I’ve noticed the last couple of weeks that it’s really REALLY hot, and that I’ve been struggling to post anywhere near five times a week.  Combined with the fact that my lil’ heart is in year-round school and only gets six weeks of summer, and we are down two of those weeks already, I’ve decided that I’m not going to stress about posting this month.  She’ll be back in school August 1st, and until then, I want us to have a fun, schedule-free summer.  I will be posting over the next four weeks, just not on a schedule or five times a week!  There, I feel better already! :)

We got a new addition to our family this week – my daughter got her very own kitten.  It’s been about 13 years since I’ve had a baby animal around the house –  most of ours are rescues, either from the shelter or from being a stray, and they weren’t babies.  This little guy is just now 9 weeks old, and he’s the cutest thing (maybe ever)!  He’s bonded with her and cries when she leaves him sometimes.  Not always though – sometimes he’s asleep!

She was walking out the door to go play and he stood up and started talking to her.  She came back and this is what he did.

Because it’s so hot here right now, doing fun stuff outside has to be done before the sun comes up or after it goes down – which really limits available time.  I was planning on starting to run this summer, but I’m afraid I’d have a heat stroke less than a block from my house.  Also, I’m not really good at running, so I need all the help I can get.  The sun beating down on me at 8am isn’t considered the help I need.

I recently discovered a 5K called the Color Run.
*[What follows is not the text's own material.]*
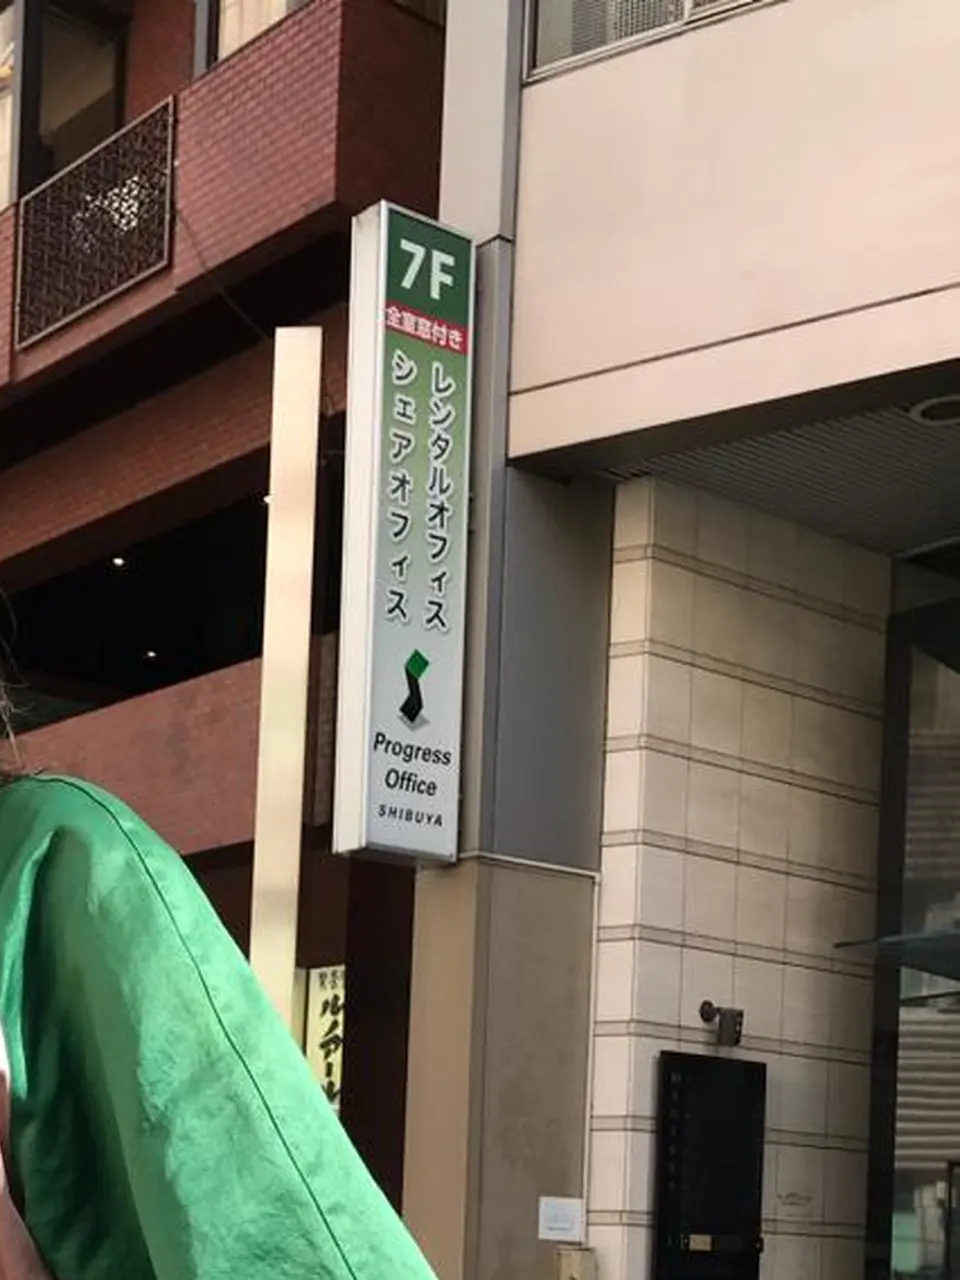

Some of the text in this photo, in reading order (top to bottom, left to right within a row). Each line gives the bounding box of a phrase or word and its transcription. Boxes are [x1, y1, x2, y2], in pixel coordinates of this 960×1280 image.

I really want to do this, and while I’ve done several 5K’s, I’ve never run one.  I would like to run this one – or at least run part of it!  They have some awesome videos of the Color Run that really inspire me to be involved.  Although the race that I want to participate in isn’t until mid-August, it’s still one of my summer goals to train/prepare for this.
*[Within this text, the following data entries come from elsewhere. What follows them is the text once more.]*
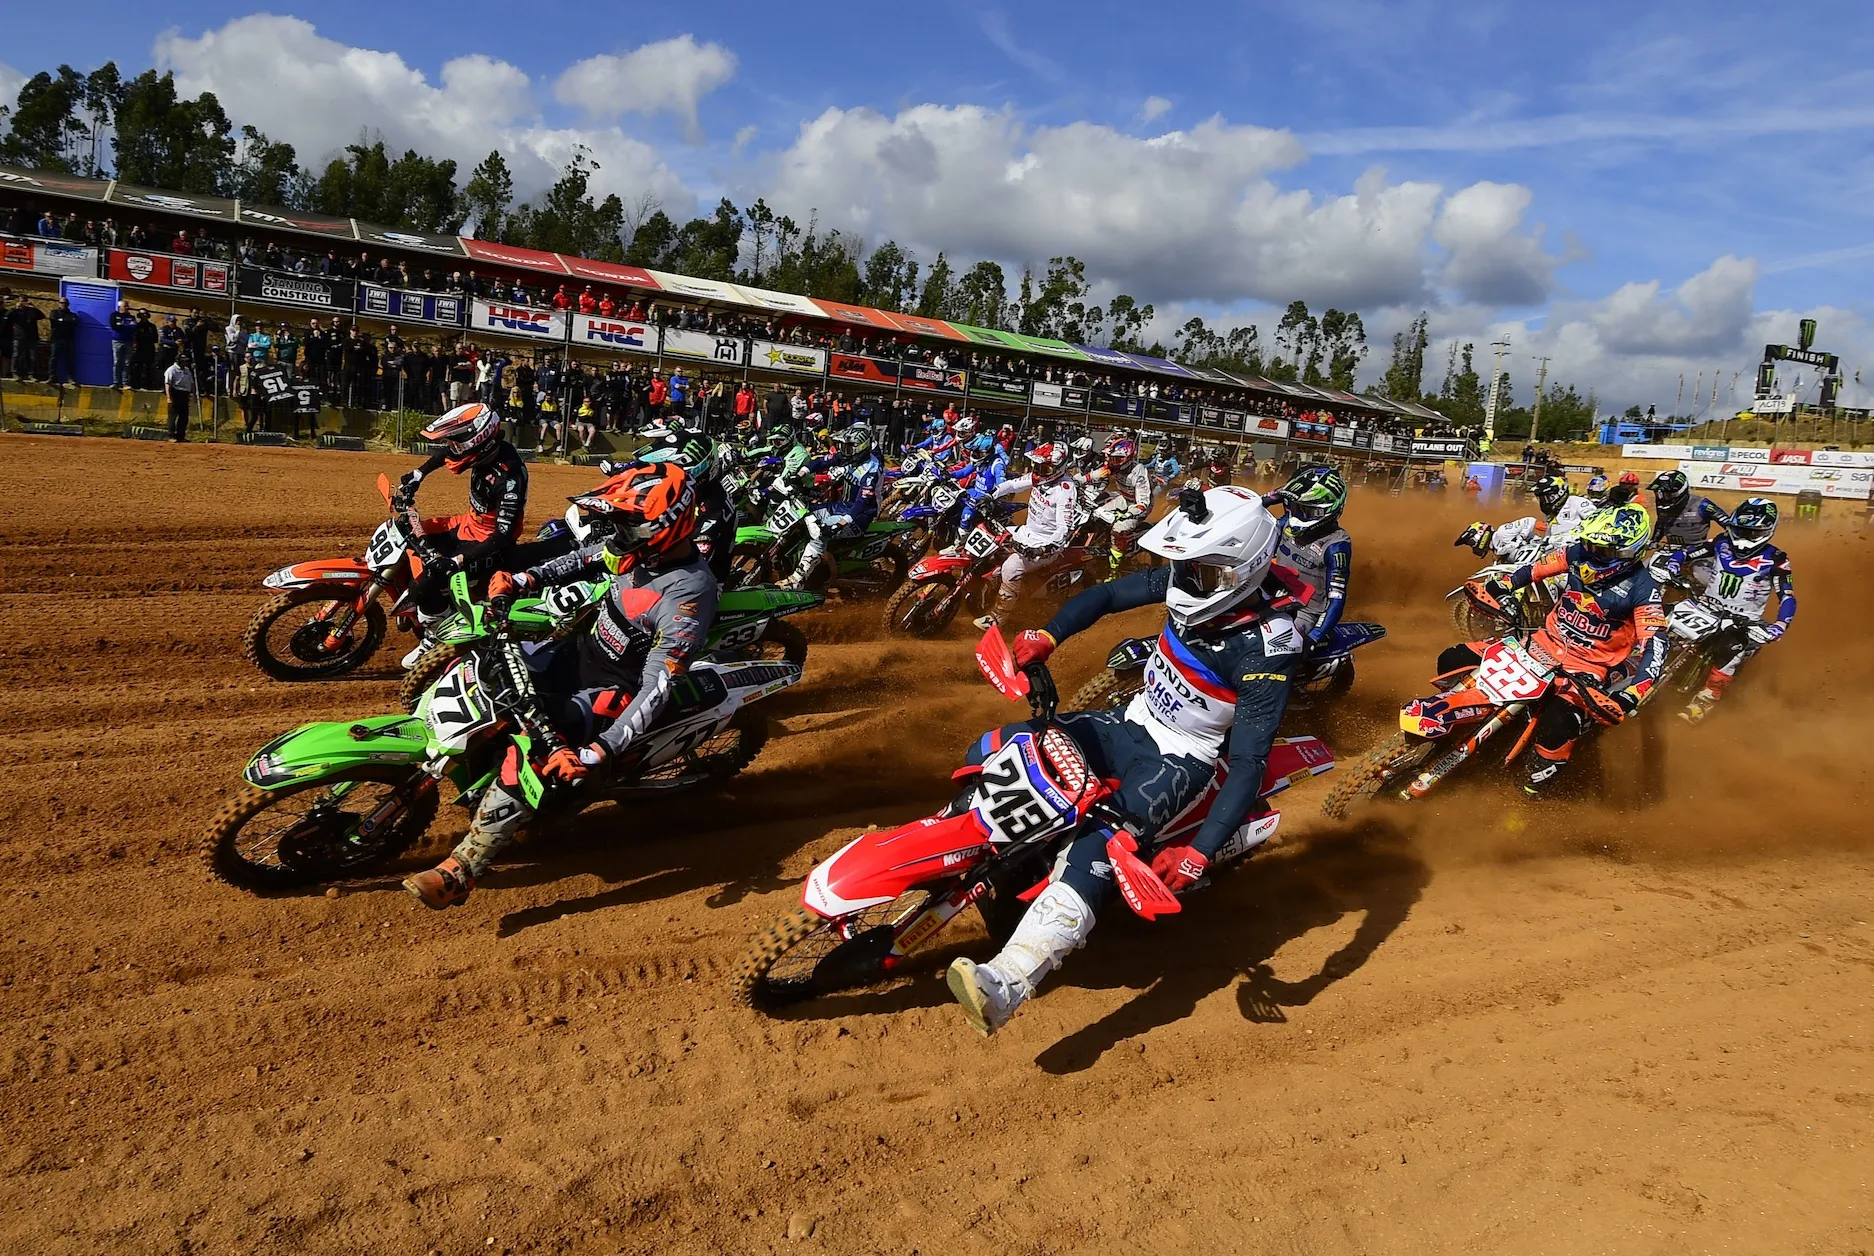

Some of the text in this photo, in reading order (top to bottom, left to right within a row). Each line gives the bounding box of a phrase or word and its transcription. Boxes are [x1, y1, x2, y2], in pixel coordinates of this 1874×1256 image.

[477, 249, 554, 266] HONDA
[263, 273, 323, 292] STANDING
[576, 267, 648, 282] HONDA
[263, 287, 331, 303] CONSTRUCT
[369, 289, 387, 299] JWR
[404, 294, 421, 304] JWR
[438, 299, 455, 308] JWR
[488, 305, 550, 333] HRC
[587, 320, 644, 347] HRC
[836, 359, 866, 373] KTM
[1786, 348, 1825, 364] FINISH
[470, 421, 499, 446] 100%
[1412, 442, 1464, 452] PITLANE OUT
[1737, 451, 1768, 460] PECOL
[1701, 475, 1726, 484] ATZ
[935, 494, 950, 506] 22
[1032, 488, 1051, 506] ONDA
[772, 507, 797, 530] 25
[368, 529, 394, 564] 99
[967, 531, 992, 553] 89
[1249, 549, 1269, 572] FOX
[1515, 549, 1534, 564] 27
[719, 613, 746, 621] Kawasaki
[774, 607, 799, 618] DUNLOP
[1558, 606, 1610, 638] ed Bull
[719, 626, 757, 650] 33
[975, 652, 1007, 694] ACERBIS
[1312, 659, 1340, 681] 21
[1480, 648, 1540, 699] 222
[1153, 652, 1211, 712] ONDA
[434, 673, 475, 724] 77
[1153, 681, 1184, 715] HSF
[1021, 740, 1037, 767] HRC
[1043, 735, 1082, 792] RENTHA
[1289, 769, 1310, 784] PIRELLI
[980, 758, 1051, 841] 243
[1255, 818, 1275, 836] MXGP
[943, 847, 980, 867] MOTUL
[813, 877, 828, 908] HONDA
[1109, 857, 1142, 911] ACERBIS
[900, 916, 937, 949] PIRELLI
We also made a list of other things we wanted to do this summer – we didn’t factor the heat in when we made the list, so some of them we haven’t even attempted.  We have picked wild blackberries and made a cobbler, but other outdoor things (including running), we haven’t done yet.  We are going out to do A-Z photography – we each will have a sheet, and as we drive around (or walk or hike), we will take photos of random things to check off of our list – “A” might be an airplane, “S” might be the big artsy snails in our downtown square.

We also want to go back to the Crystal Bridges Art Museum (we’ve been twice already – see some photos here), paint pottery together, volunteer at the library and a local food bank, play games, read, nap, bake and have movie marathons.  I recently introduced her to the movie “A League of Their Own”, and she loved it!  Of course we want to see new favorites like Brave and Ice Age 4: Continental Drift.

As you can see, we have a lot to do in just four weeks – our agenda for today will include volunteering at the library, sharing a Midnight Truffle Blizzard from Dairy Queen, a bit of reading and math (to stay ready for 3rd grade), and I’d like to teach my lil’ heart how to play Bunco.  Who knows what tomorrow’s plans will be, but I’m thrilled to be spending all day with her!

I will be posting soon with my thoughts (what some people call a review) about Shadow of Night by Deborah Harkness, which I loved!

I hope you are having a wonderful summer!  I know it will fly by!